Thursday, May 7, 2009

Jodi Picoult

April was the month of Picoult for me. I started listening to My Sister's Keeper on my iPod while reading The Pact without considering what my mental state would be at the end of the month.
I will start my reviews with My Sister's Keeper. It is a book about a family with a child suffering from leukemia. Because of this, Anna was conceived as a "harvest child" and genetically engineered, through in vitro fertilization, so that she would be a genetic match for her older sister Kate. When Anna was born, her cord blood was donated to her sister, but when the leukemia returned she then had to donate blood and bone marrow. Kate's kidney's fail when she is sixteen and Anna is thirteen. Kate's only chance for survival is a kidney transplant. Because she would be a closer match than an unrelated donor and no other family member is a match, Anna is expected to donate one of her own kidneys to save her sister. Anna decides to hire a lawyer to become medically emancipated from her parents in order to gain the right to make decisions about her "donateable" body parts. Her parents, mainly her mother, fight her every step of the way refusing to see Anna's or Kate's needs over the need to have a child live.
This book was a soul searching journey for me. I do not have a terminally ill child, but I do have a child with a disability and he needs a lot of extra love, care, money, and time. As mad as I was at Anna's mother it forced me to my knees when I thought of what I would and DO do for my child. I realized how much my other children suffer at the face of H. This book made me look hard at the deep love I do have for my 2 older children. I see the pain in their eyes every time we have an "unfair" moment at our house, while simultaneously seeing the pain in the eyes of H because his LIFE is "unfair". I am a mother stuck between a rock and a hard place which, much to my displeasure, made me identify to the mother in this novel. I hated her but I understood her. At one point in the book Sara, the mother, has no sympathy for Anna (who is in pain after donating marrow to Kate) when Kate has pain every day of her life. The realization made my toes curl and my fists clench...until I remembered the lack of empathy I have for my 2 children. Painfully I remembered thoughts such as: "I expect this from H, I should not have to deal with it from you" or "you have no right to complain about how hard your life is...have you seen your brother's lately?". I was horrified at the face in the mirror.
This book had me in tears daily, mourning their sick daughter, their "not sick" daughter, and "not there" son. I looked into my heart and saw how much each of my children mean to me individually and am trying to express that to them. I believe reading this book has made me a better mother and person. I recommend this book to anyone, yet I have no desire to re-live it through the movie coming out in June.

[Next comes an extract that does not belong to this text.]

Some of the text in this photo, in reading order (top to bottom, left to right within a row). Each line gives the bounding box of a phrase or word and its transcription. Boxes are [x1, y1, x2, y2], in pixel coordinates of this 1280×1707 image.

Now, onto The Pact. One word: Haunting. This novel terrified me, angered me, stunned me (as in taser-stunned). Here it is in a nutshell: A suicide pact between a boy and a girl. One dies, one lives.
If you are a parent continue reading at your own risk...For eighteen years the Hartes and the Golds have lived next door to each other. Parents and children alike have been best friends, so it's no surprise that in high school Chris and Emily's friendship blossoms into something more. They've been soul mates since they were born. So when midnight calls from the hospital come in, no one is ready for the appalling truth: Emily is dead at seventeen from a gunshot wound to the head. There is still a bullet in the gun that Chris took from his father's cabinet-- a bullet that Chris tells police he intended for himself. After an autopsy Chris is taken into custody and a trial takes place.

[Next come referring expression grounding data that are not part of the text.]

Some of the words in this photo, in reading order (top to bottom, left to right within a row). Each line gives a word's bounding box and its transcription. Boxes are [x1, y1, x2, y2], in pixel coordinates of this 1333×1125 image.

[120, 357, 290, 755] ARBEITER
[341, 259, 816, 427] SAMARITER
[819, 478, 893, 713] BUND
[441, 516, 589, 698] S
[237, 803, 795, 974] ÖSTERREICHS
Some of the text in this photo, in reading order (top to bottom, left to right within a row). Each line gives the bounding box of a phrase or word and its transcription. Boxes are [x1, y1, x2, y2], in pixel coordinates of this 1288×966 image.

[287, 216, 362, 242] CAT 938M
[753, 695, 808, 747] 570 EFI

This book for me was like driving down the freeway and seeing a horrible car wreck. You know that whatever you see will haunt you forever, yet you can't look away. Both sets of parents dealt with the tragedy differently yet horribly. The raw fact that your child could be suffering for YEARS and you, as the mother or father did not know it, was too much for my heart. Micheal, Emily's father, took the stand and said something to the effect of: it is easier to point the finger than to admit that you did not know your daughter was in pain, that you failed her. (And the tears for all the wrongs you have done as a parent start to flow). In my mind there was no good way to end the book, too many lives were shattered by horror to pick up the pieces and go on. This tragedy is truly the definition of hell for a parent. Even so, the actual ending was very very disappointing more so because of the authors admission to "not wanting to get hate mail". I think Picoult knew how the book needed to end, but took it the other way and I was not impressed. I would not recommend this book and pray they do not make it into a movie!

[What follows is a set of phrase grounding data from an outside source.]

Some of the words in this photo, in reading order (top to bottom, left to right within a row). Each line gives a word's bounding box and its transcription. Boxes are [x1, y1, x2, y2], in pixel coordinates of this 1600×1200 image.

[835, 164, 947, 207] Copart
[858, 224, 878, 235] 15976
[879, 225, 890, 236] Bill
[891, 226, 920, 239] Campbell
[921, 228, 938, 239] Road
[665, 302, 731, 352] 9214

Both of these books really made me look inside myself and face the demons that we all have. My best friend once said, "It is the realization that hurts the most". After reading these books I understand what she means I have always known-but facing them hurts worse than the knowledge of them.
Now that I have finished these 2 books I will be taking a couple weeks to recover in the sun thinking happy thoughts of my children's future before I start 19 minutes, another one of Picoult's books that is sure to throw my emotions into a tailspin...I know, I know, gluten for punishment.